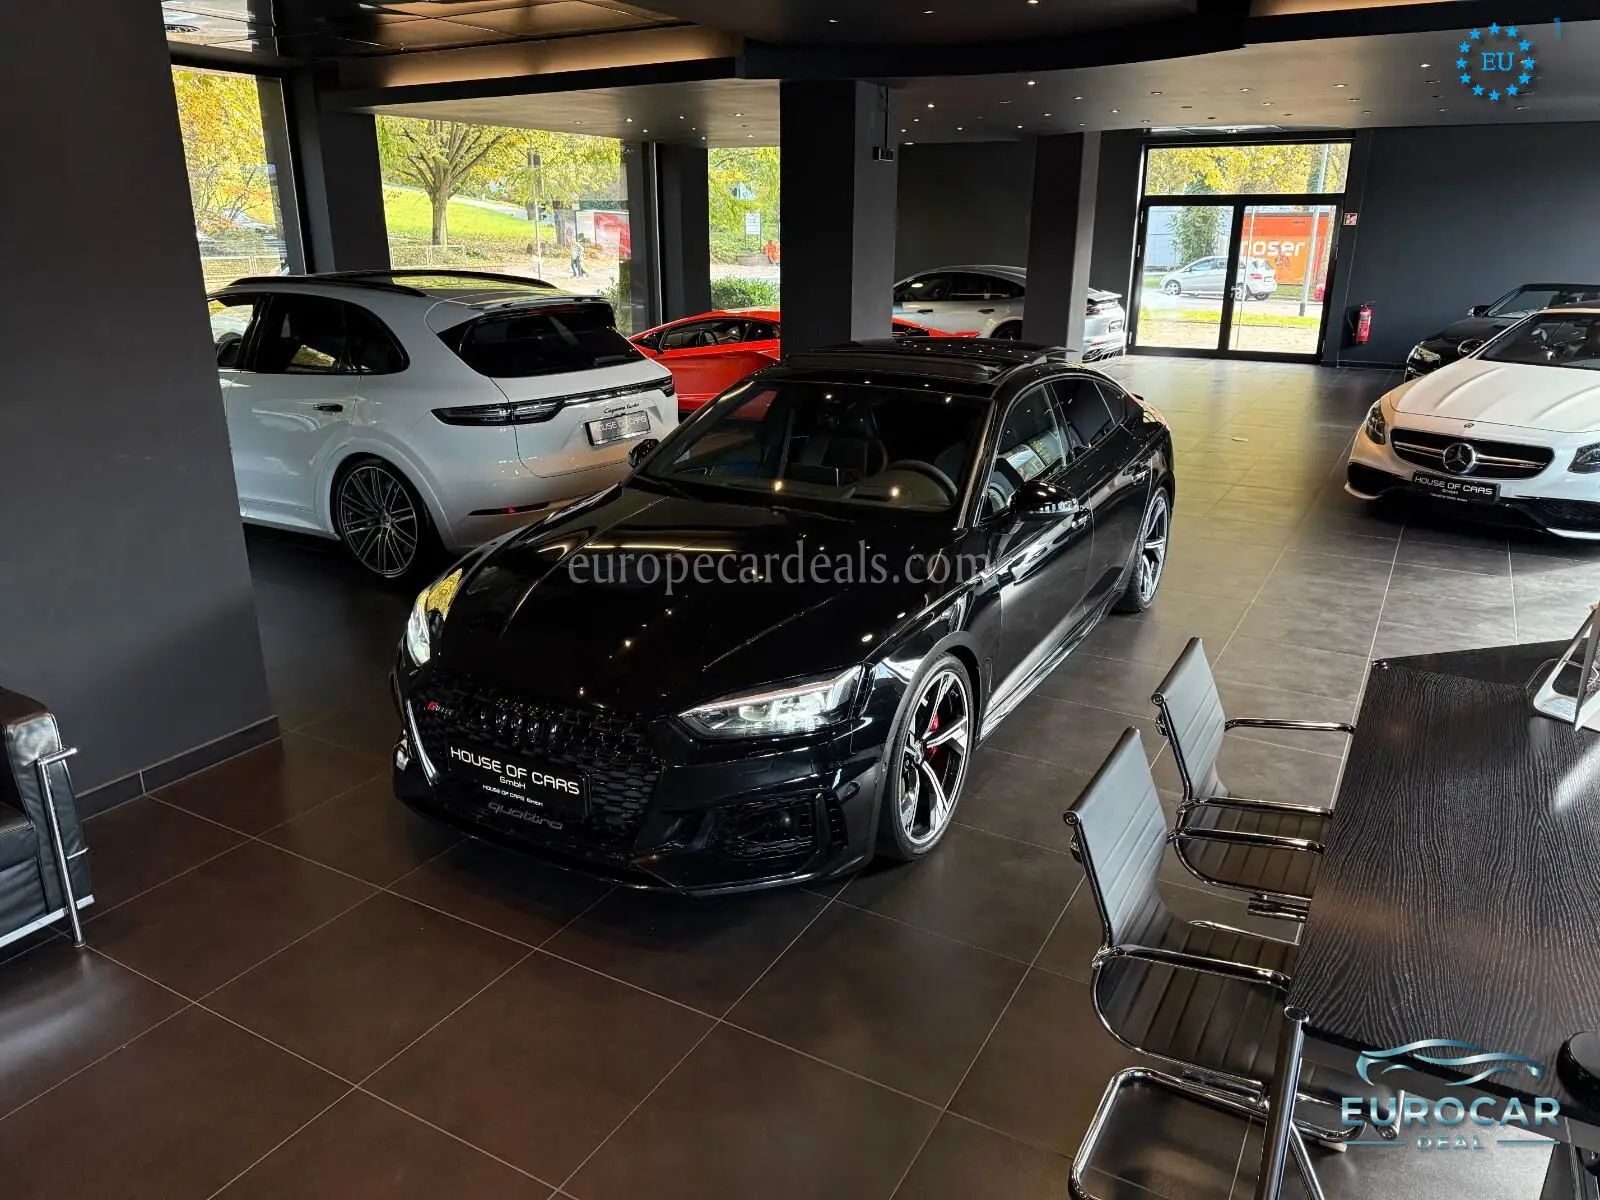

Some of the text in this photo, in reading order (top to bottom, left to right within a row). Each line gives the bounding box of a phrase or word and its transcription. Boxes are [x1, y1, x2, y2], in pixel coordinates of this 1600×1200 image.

[1414, 476, 1493, 495] HOUSE OF CARS
[450, 746, 580, 795] HOUSE OF CARS
[482, 784, 501, 794] HOUSE
[499, 776, 526, 790] GmbH
[487, 801, 564, 830] quattro
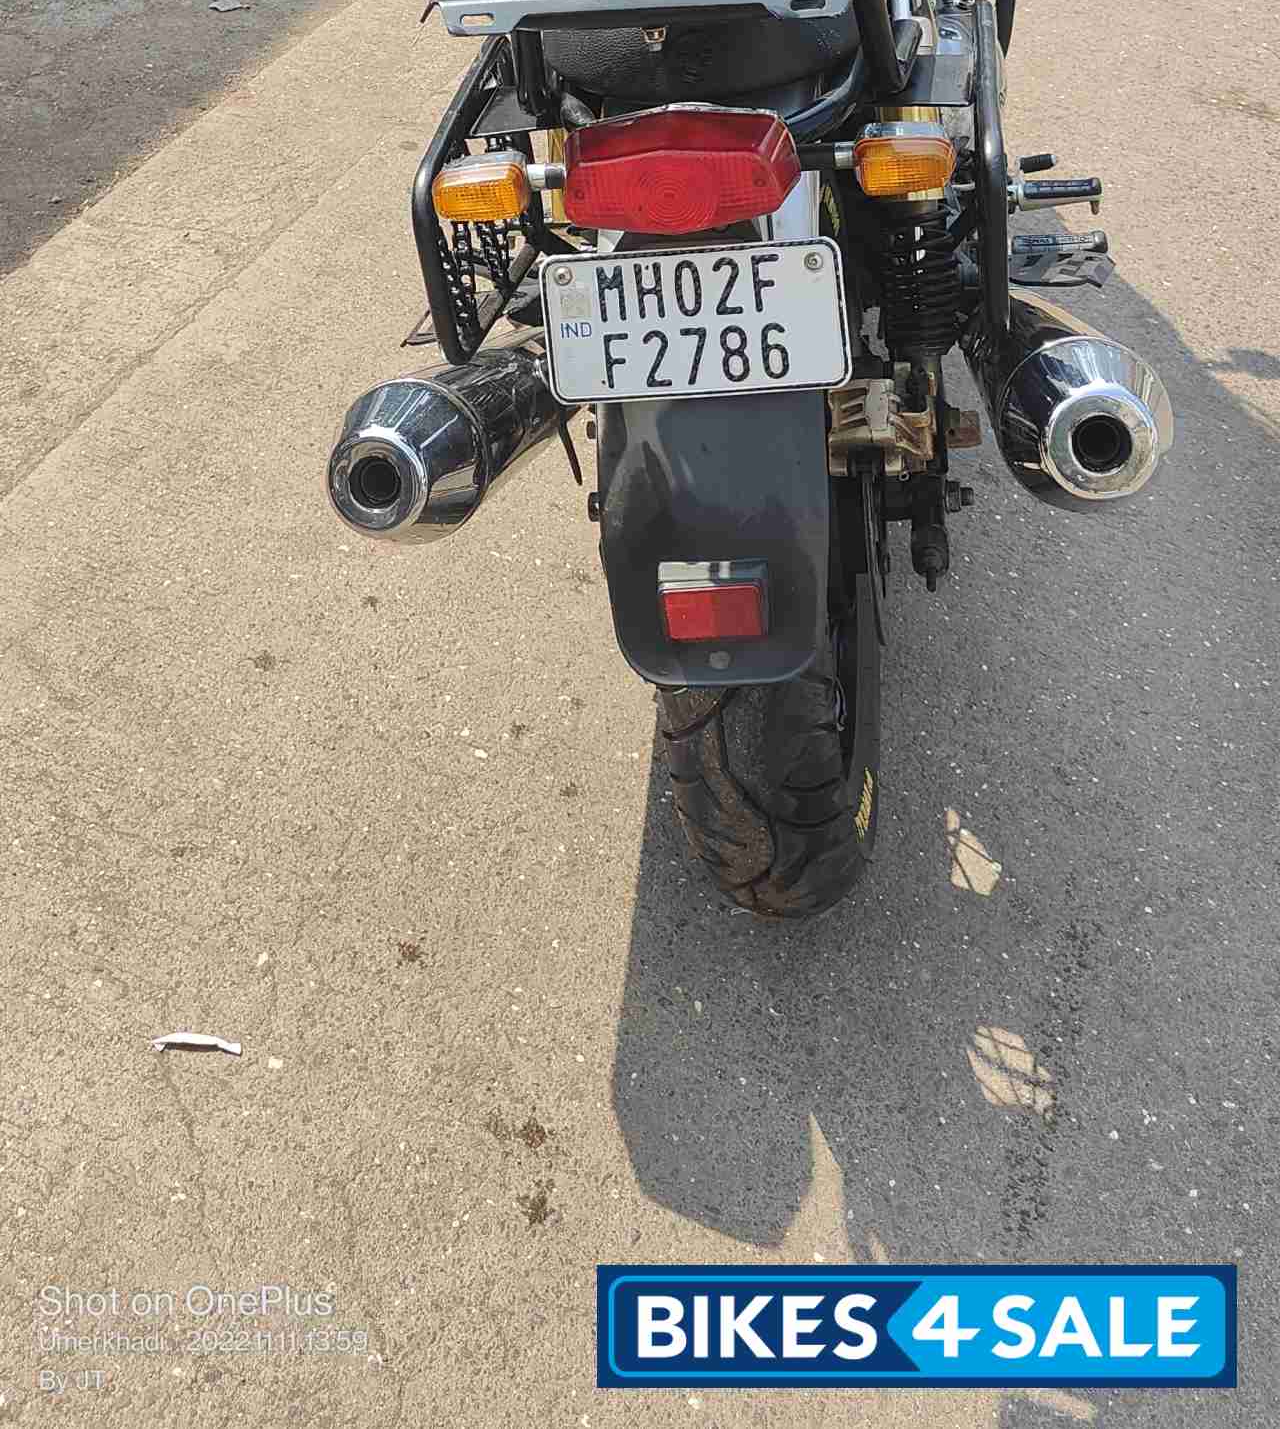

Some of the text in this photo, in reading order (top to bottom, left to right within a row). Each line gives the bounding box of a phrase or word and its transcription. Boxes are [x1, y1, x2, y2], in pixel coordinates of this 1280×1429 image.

[595, 253, 780, 322] MH02F
[560, 322, 593, 339] IND
[603, 322, 790, 389] F2786
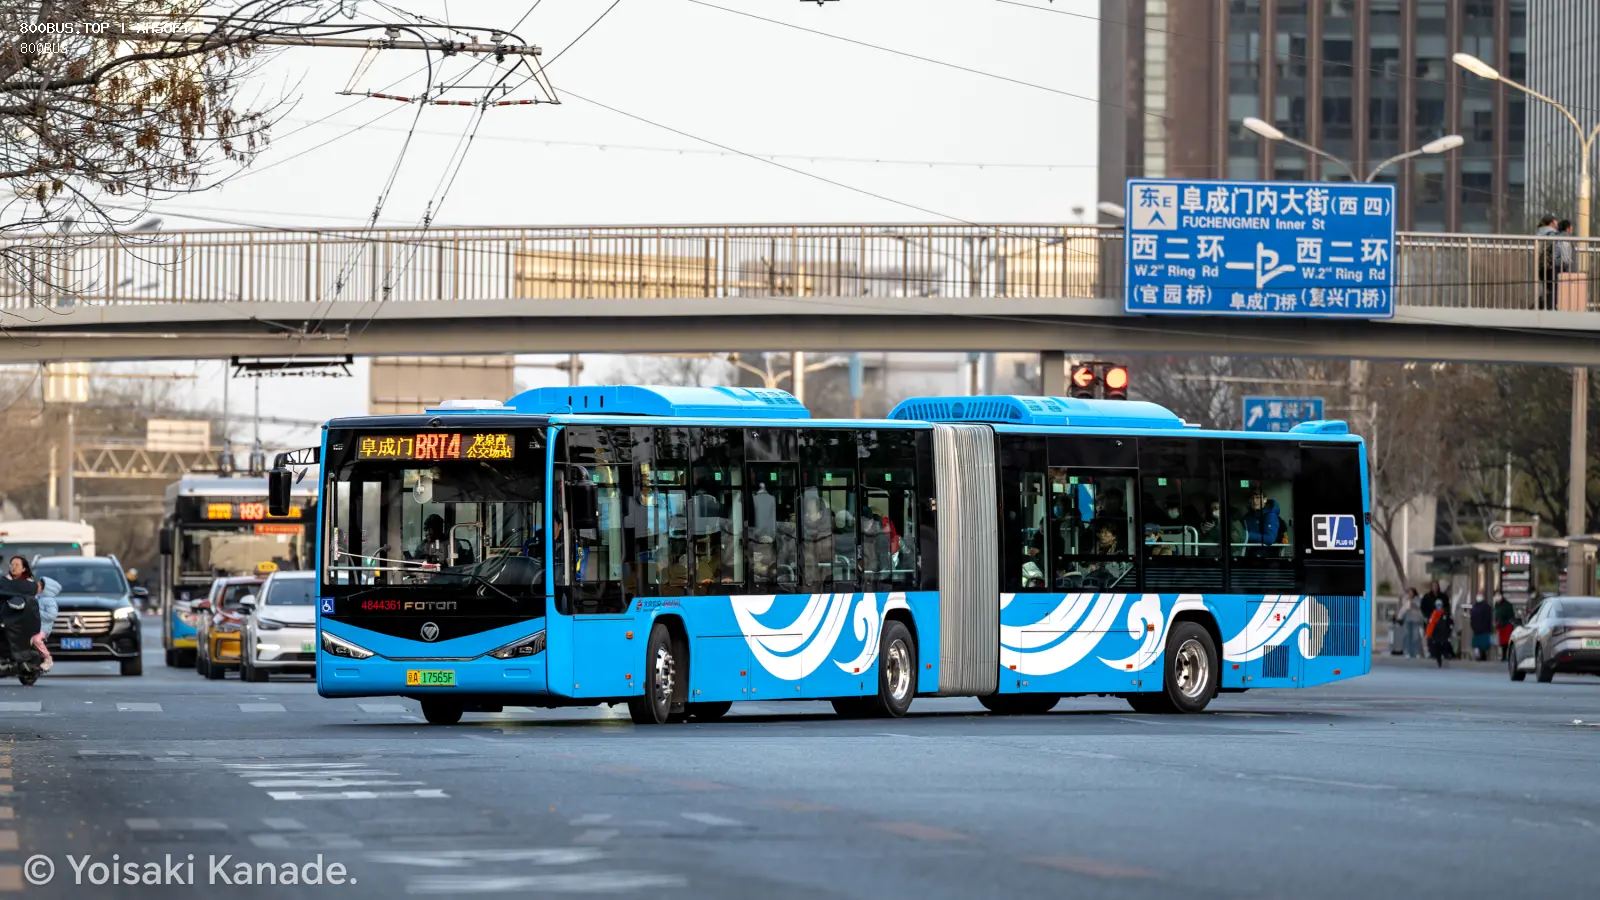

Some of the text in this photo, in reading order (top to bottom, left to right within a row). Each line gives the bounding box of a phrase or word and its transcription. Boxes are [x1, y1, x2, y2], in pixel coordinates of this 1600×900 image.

* **What is needed**:
Every line of the material is to be quoted exactly, with no pictures carried over.

* **Reply**:
Some of the text in this photo, in reading order (top to bottom, left to right within a row). Each line gives the bounding box of a phrase or word and its transcription. Boxes are [x1, y1, x2, y2], in pixel coordinates of this 1600×1200 image.

[1414, 476, 1493, 495] HOUSE OF CARS
[450, 746, 580, 795] HOUSE OF CARS
[482, 784, 501, 794] HOUSE
[499, 776, 526, 790] GmbH
[487, 801, 564, 830] quattro

Some of the text in this photo, in reading order (top to bottom, left to right within a row). Each line gives the bounding box of a phrase or word and its transcription. Boxes are [x1, y1, x2, y2], in pixel coordinates of this 1280×1429 image.

[595, 253, 780, 322] MH02F
[560, 322, 593, 339] IND
[603, 322, 790, 389] F2786

Some of the text in this photo, in reading order (top to bottom, left to right within a row). Each line gives the bounding box of a phrase or word and its transcription. Boxes are [x1, y1, x2, y2], in pixel coordinates of this 1600×900 image.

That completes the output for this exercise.